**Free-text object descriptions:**
● ● ● ●
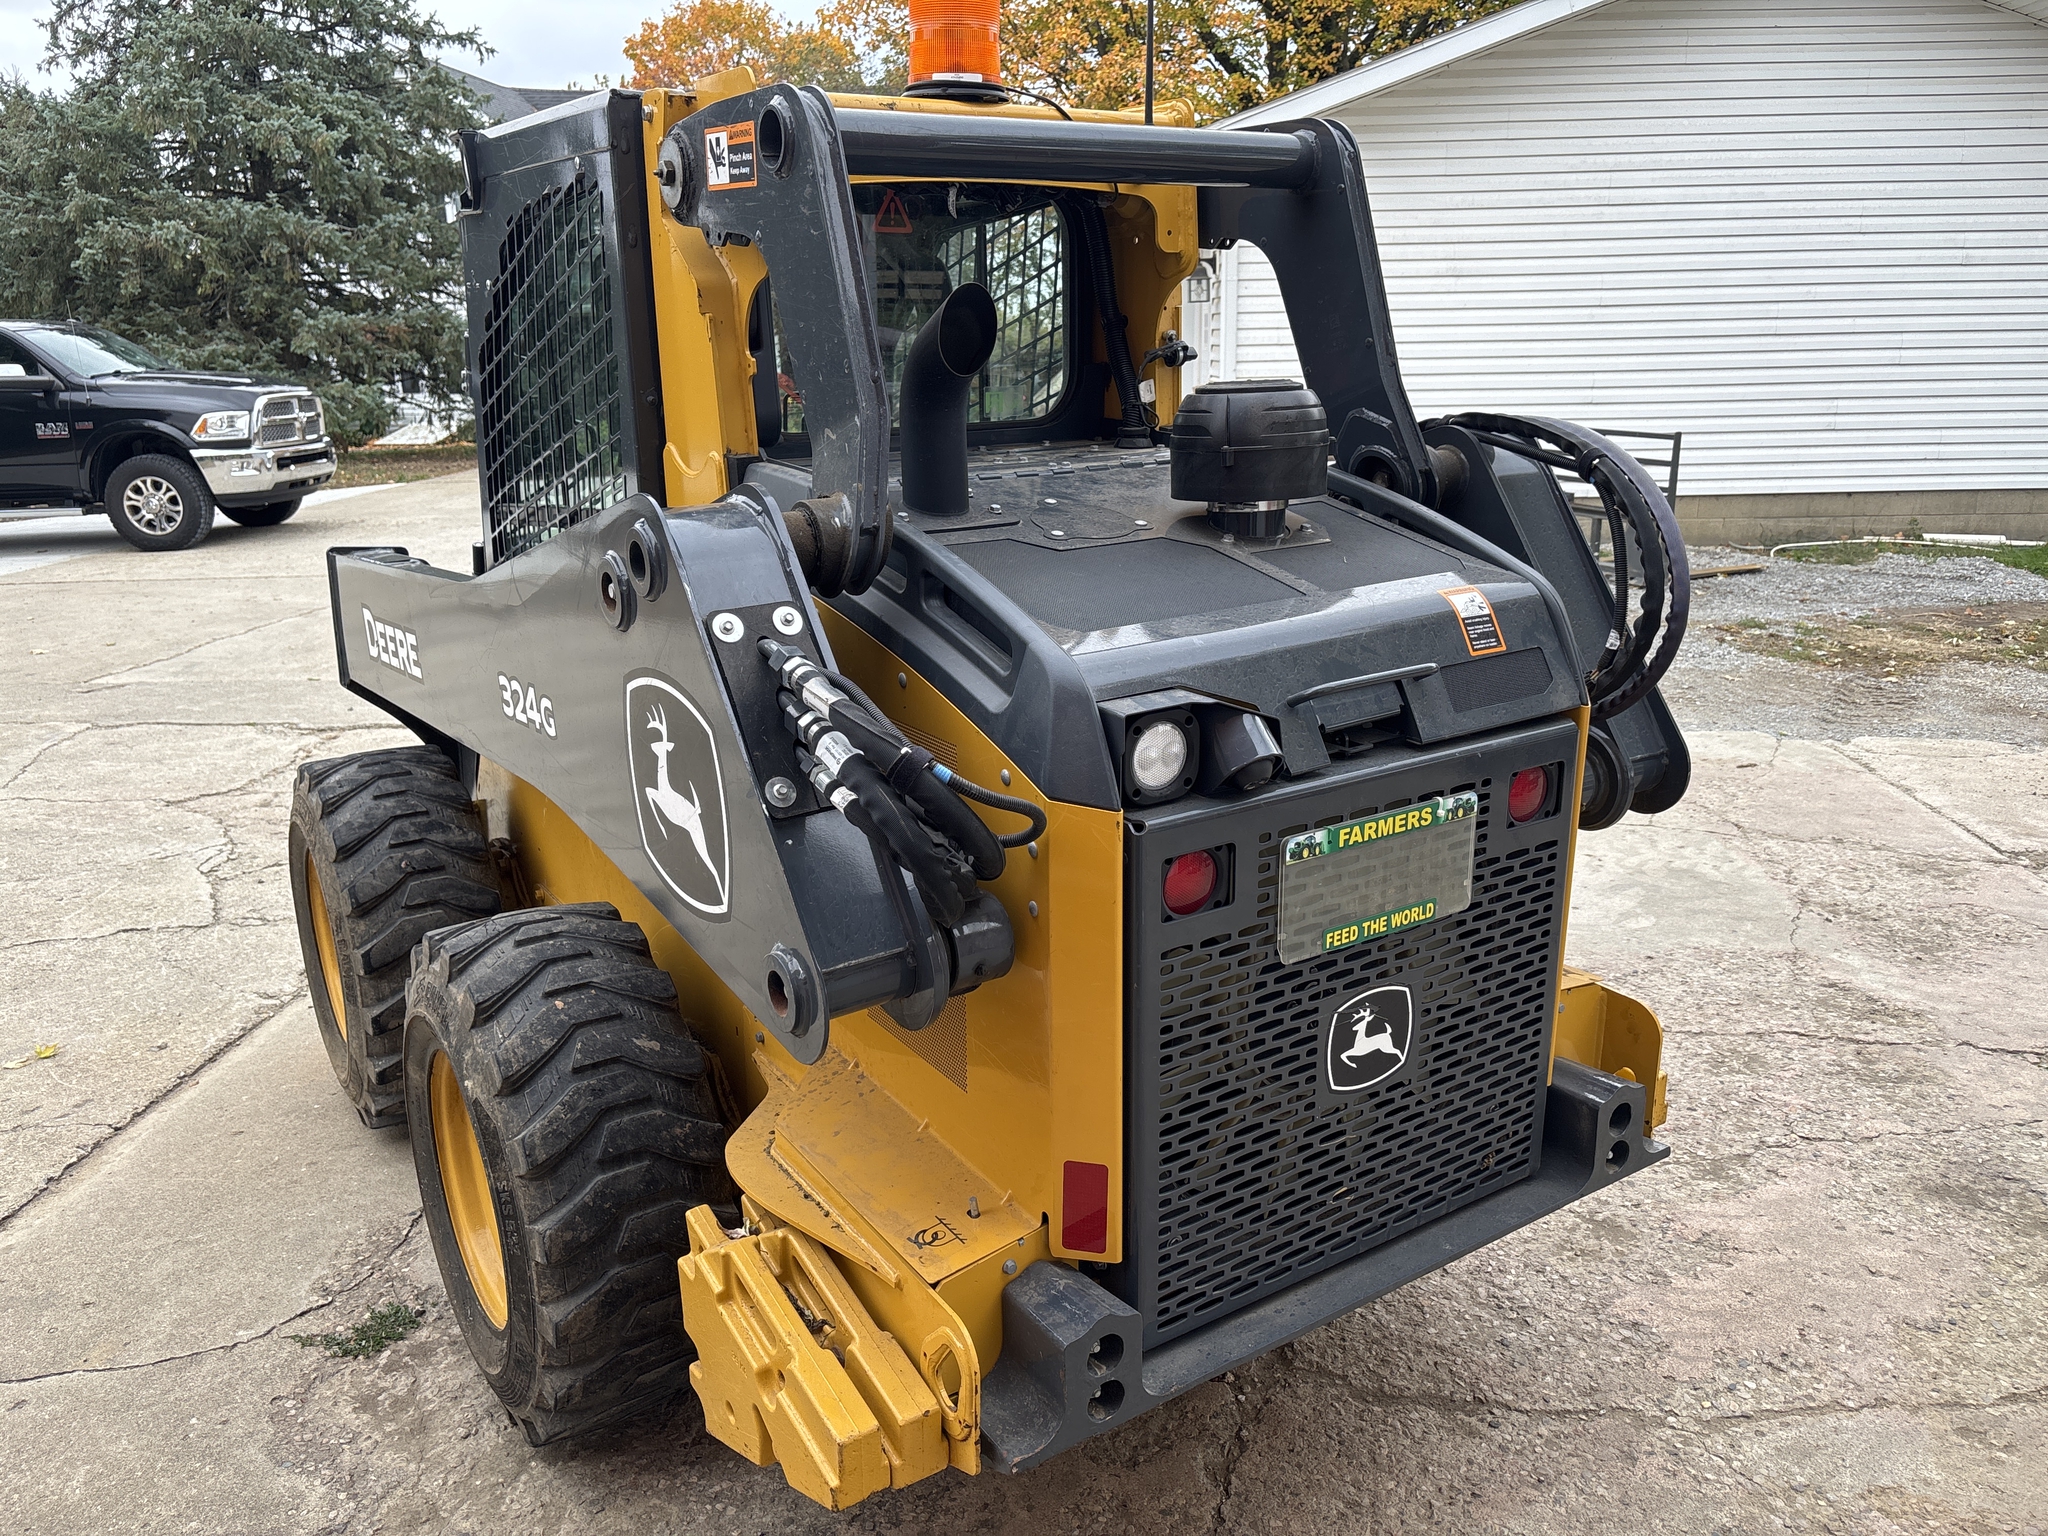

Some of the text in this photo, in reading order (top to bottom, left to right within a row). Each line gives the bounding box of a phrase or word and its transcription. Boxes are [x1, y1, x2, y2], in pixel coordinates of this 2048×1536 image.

[733, 128, 752, 139] WARNING
[730, 152, 752, 162] Pinch Area
[730, 166, 750, 176] Keep Away
[362, 607, 423, 680] DEERE
[498, 674, 557, 737] 324G
[1338, 807, 1433, 849] FARMERS
[1325, 902, 1435, 950] FEED THE WORLD
● ● ● ●
**YOUR GOAL:** Your answer must be an exact copy of every entry, with no pictures in it.

**RESULT OF THIS EXERCISE:**
Some of the text in this photo, in reading order (top to bottom, left to right within a row). Each line gives the bounding box of a phrase or word and its transcription. Boxes are [x1, y1, x2, y2], in pixel coordinates of this 2048×1536 image.

[733, 128, 752, 139] WARNING
[730, 152, 752, 162] Pinch Area
[730, 166, 750, 176] Keep Away
[362, 607, 423, 680] DEERE
[498, 674, 557, 737] 324G
[1338, 807, 1433, 849] FARMERS
[1325, 902, 1435, 950] FEED THE WORLD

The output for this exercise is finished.